Repeat each record below exactly, omitting whatever pictures appear in it.

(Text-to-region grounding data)
▬▬▬

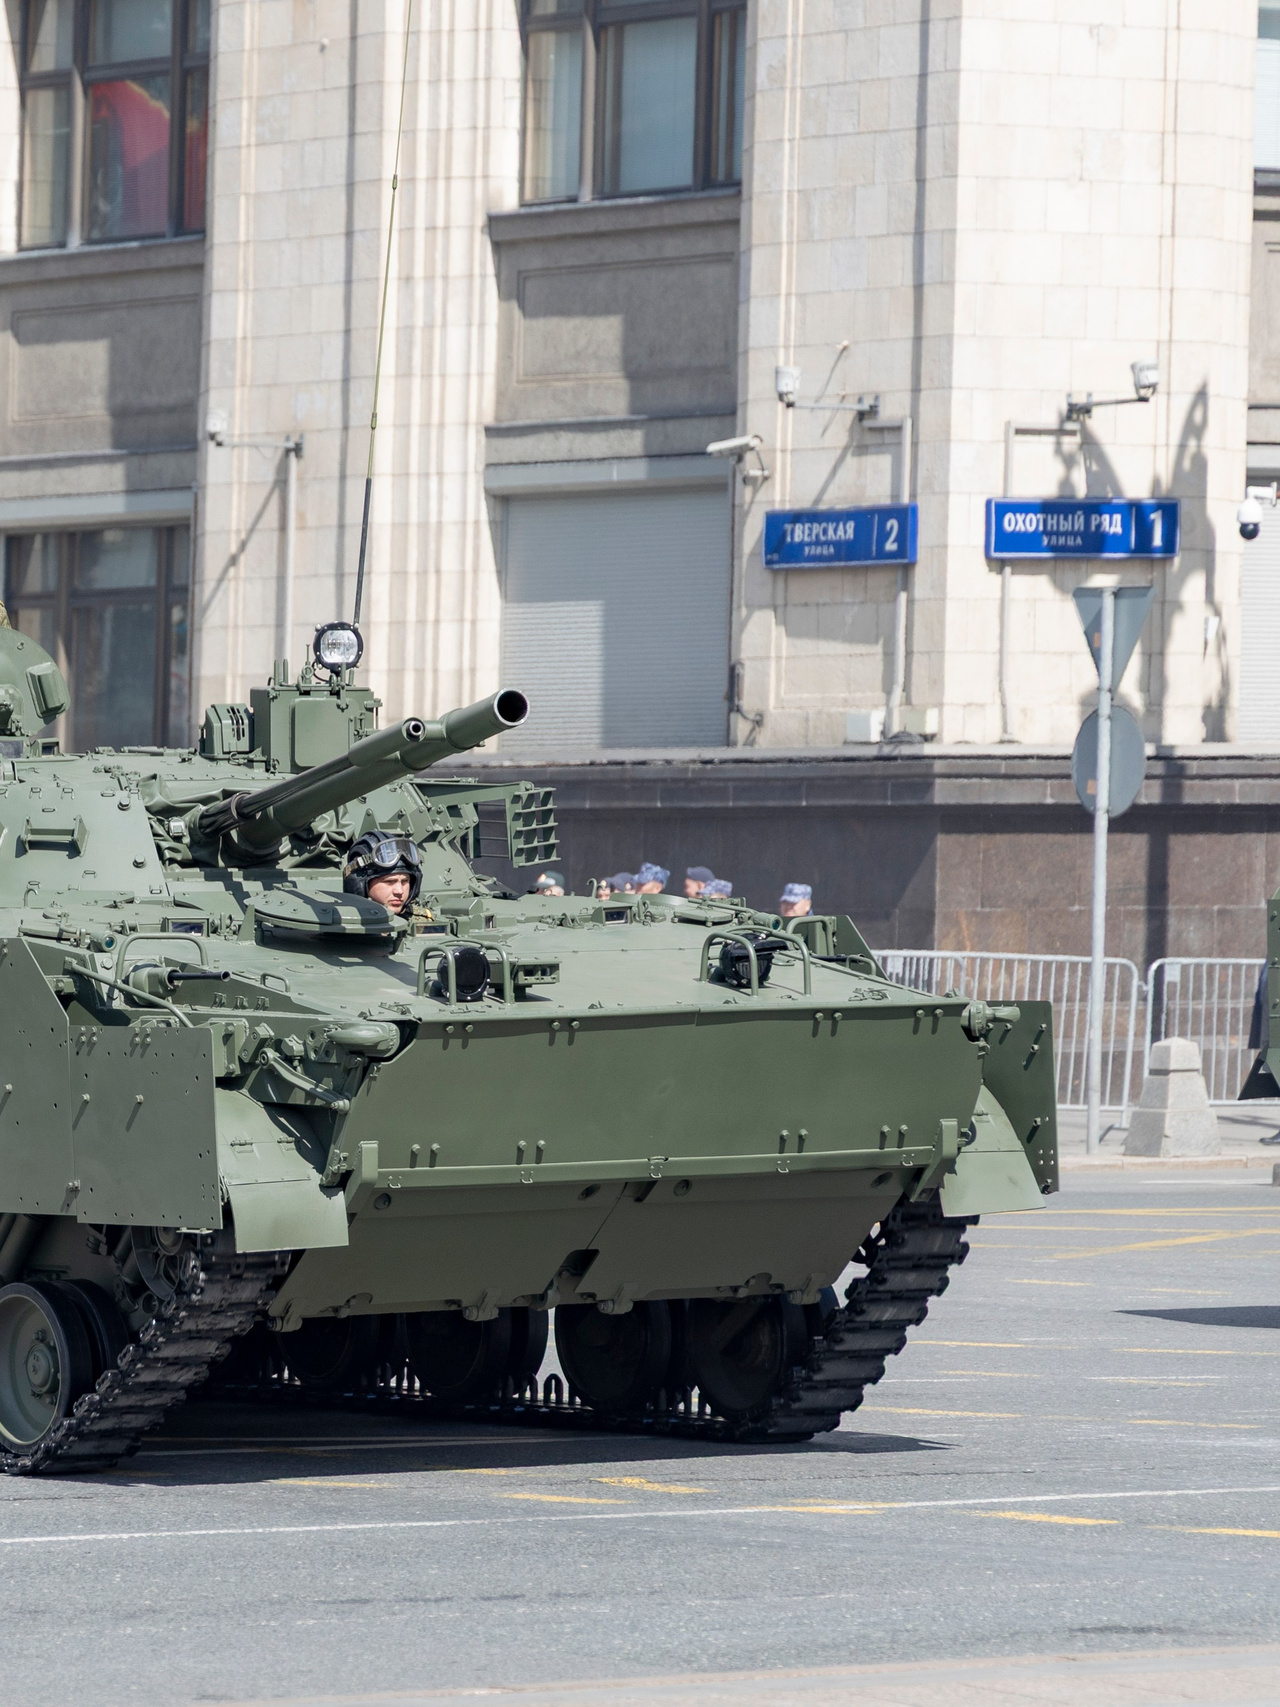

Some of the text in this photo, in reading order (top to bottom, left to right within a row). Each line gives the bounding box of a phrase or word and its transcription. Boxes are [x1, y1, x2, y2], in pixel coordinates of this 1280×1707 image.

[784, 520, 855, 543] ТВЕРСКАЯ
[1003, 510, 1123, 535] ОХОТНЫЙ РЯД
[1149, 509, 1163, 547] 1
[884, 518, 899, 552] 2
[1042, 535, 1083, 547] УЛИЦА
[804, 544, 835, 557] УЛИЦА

▬▬▬

## Solution to this task
Some of the text in this photo, in reading order (top to bottom, left to right within a row). Each line gives the bounding box of a phrase or word and its transcription. Boxes are [x1, y1, x2, y2], in pixel coordinates of this 1280×1707 image.

[784, 520, 855, 543] ТВЕРСКАЯ
[1003, 510, 1123, 535] ОХОТНЫЙ РЯД
[1149, 509, 1163, 547] 1
[884, 518, 899, 552] 2
[1042, 535, 1083, 547] УЛИЦА
[804, 544, 835, 557] УЛИЦА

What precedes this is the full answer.